[Source data]

-- Opening Marker --

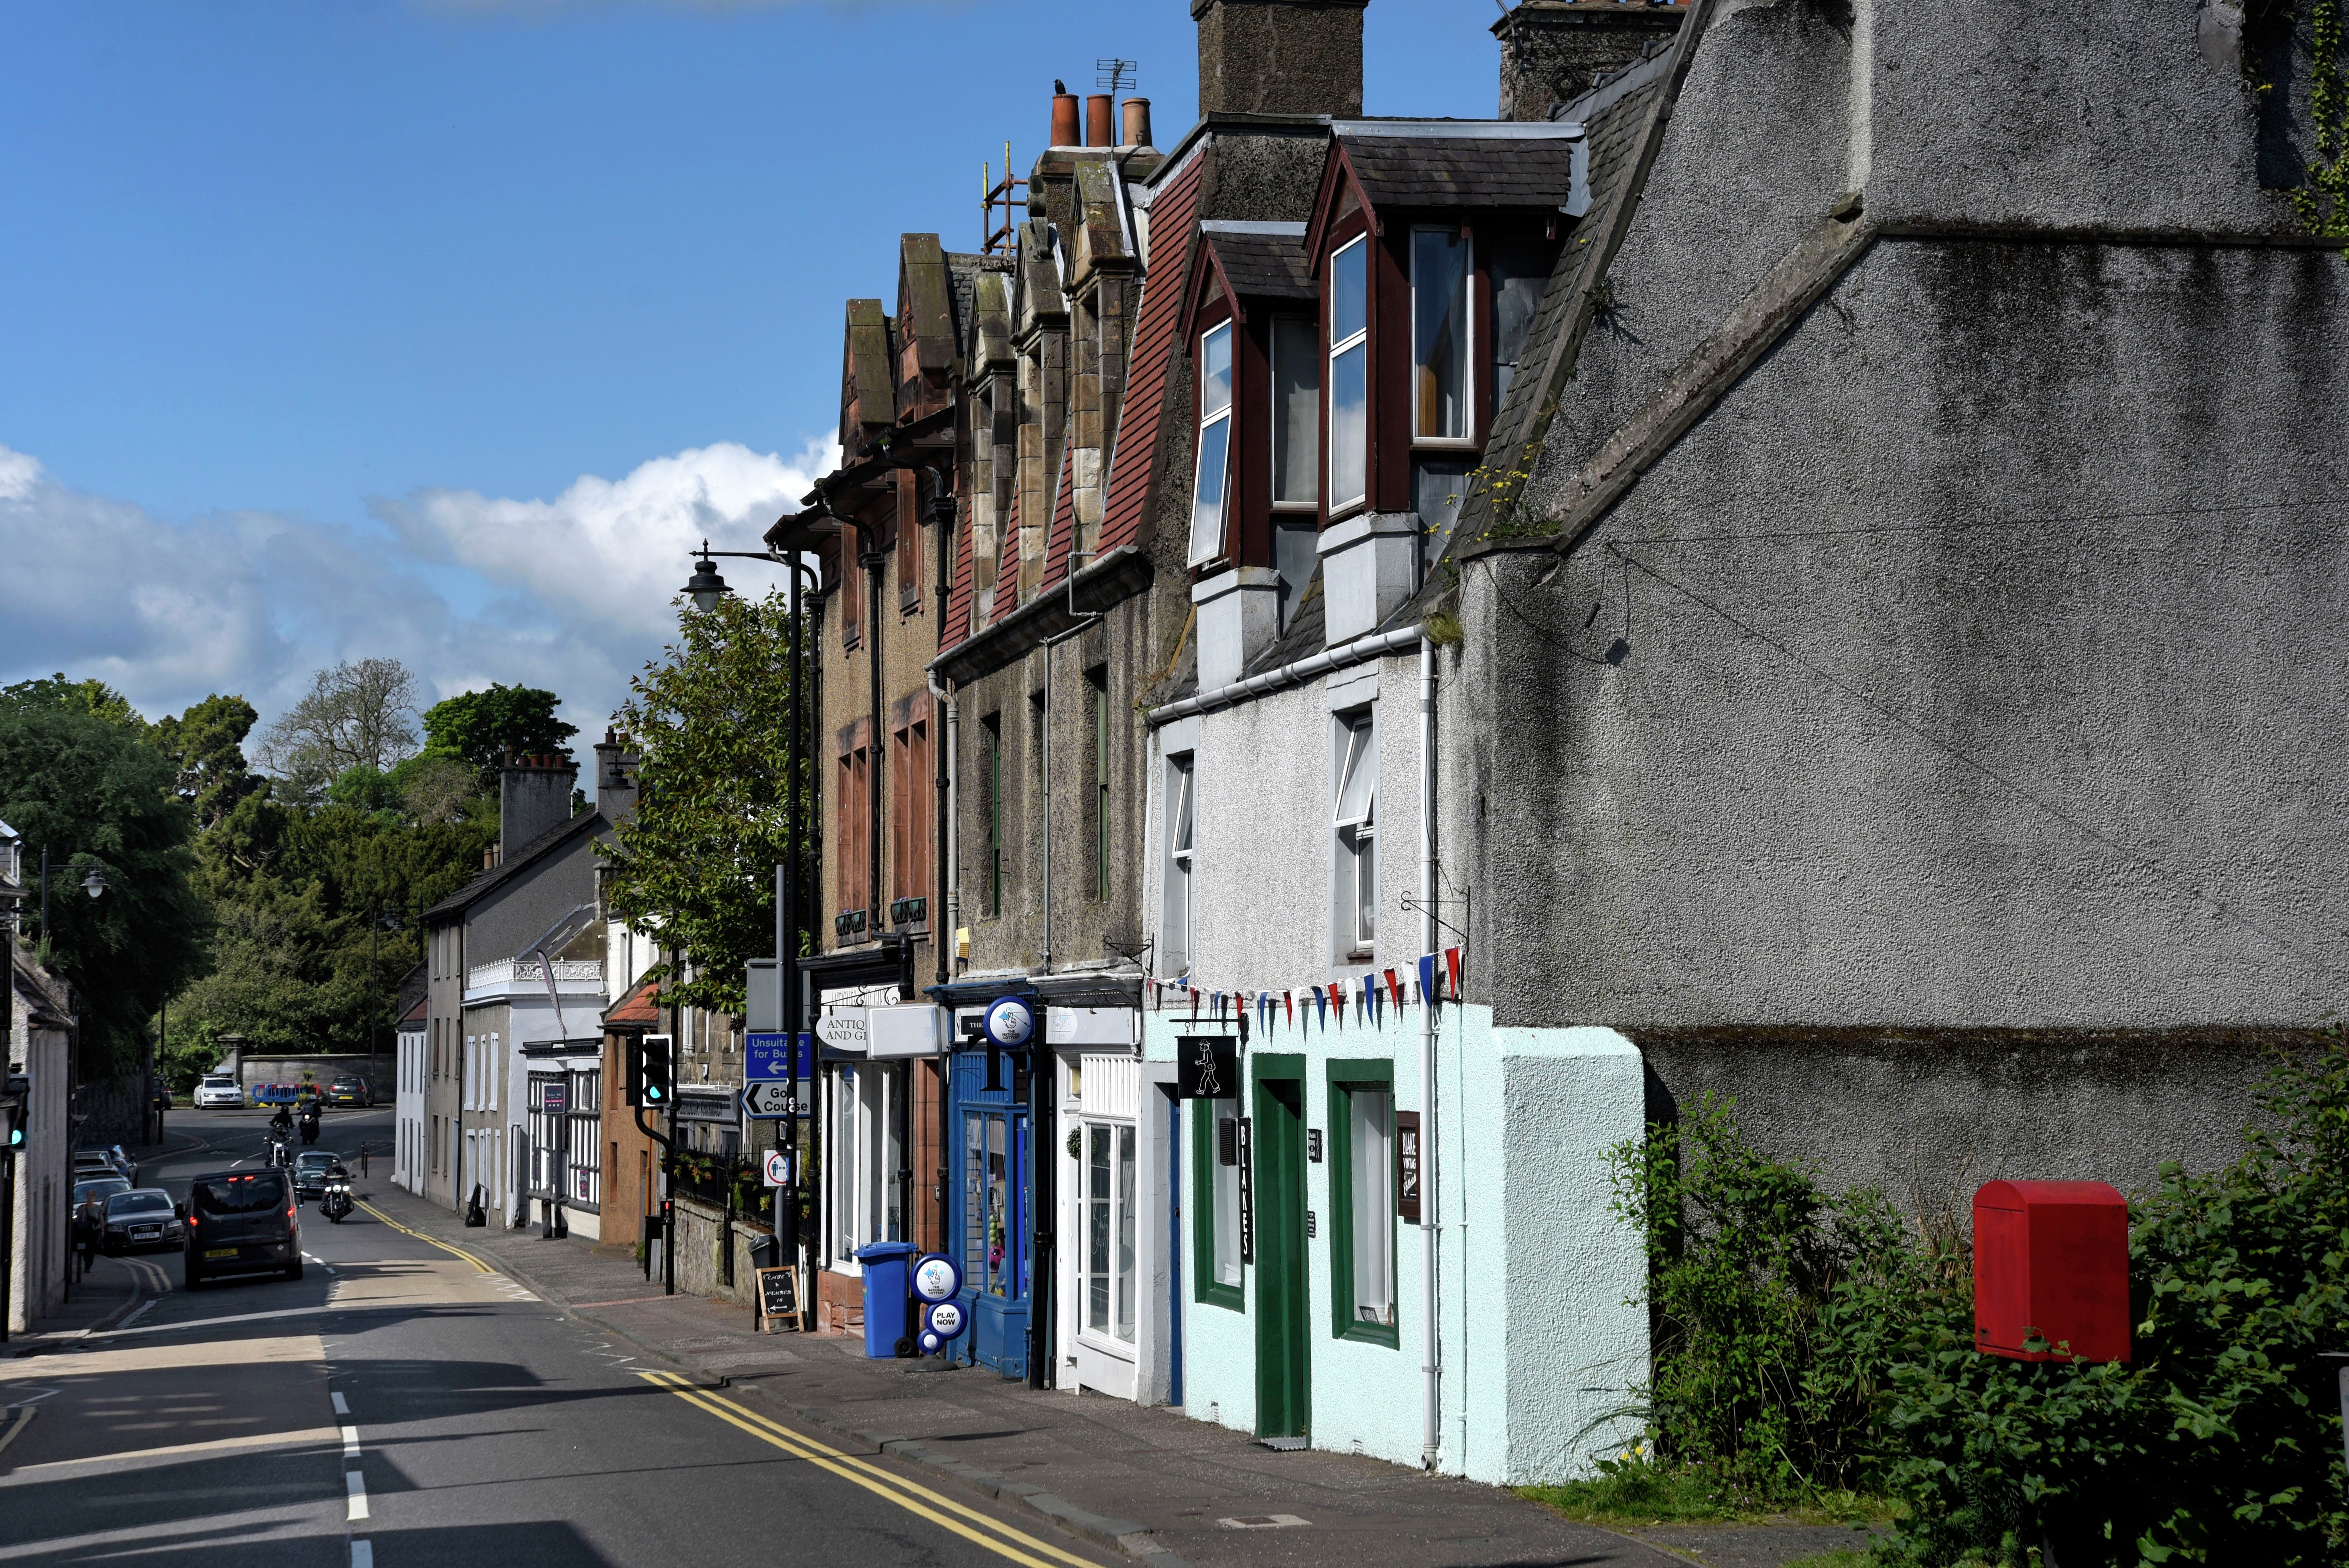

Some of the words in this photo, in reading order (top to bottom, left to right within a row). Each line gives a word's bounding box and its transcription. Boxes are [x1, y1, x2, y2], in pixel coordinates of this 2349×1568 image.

[827, 1020, 865, 1030] ANTIQ
[826, 1031, 851, 1040] AND
[752, 1038, 805, 1047] Unsuitae
[754, 1050, 768, 1058] for
[773, 1049, 803, 1058] Bus
[770, 1088, 787, 1098] Go
[764, 1101, 808, 1111] Couse
[1402, 1133, 1416, 1155] BLAKE
[1403, 1158, 1416, 1169] VINTAG

-- Closing Marker --

Task brief
Please copy the data above character for character, skipping any pictures.

Response to the task
Some of the words in this photo, in reading order (top to bottom, left to right within a row). Each line gives a word's bounding box and its transcription. Boxes are [x1, y1, x2, y2], in pixel coordinates of this 2349×1568 image.

[827, 1020, 865, 1030] ANTIQ
[826, 1031, 851, 1040] AND
[752, 1038, 805, 1047] Unsuitae
[754, 1050, 768, 1058] for
[773, 1049, 803, 1058] Bus
[770, 1088, 787, 1098] Go
[764, 1101, 808, 1111] Couse
[1402, 1133, 1416, 1155] BLAKE
[1403, 1158, 1416, 1169] VINTAG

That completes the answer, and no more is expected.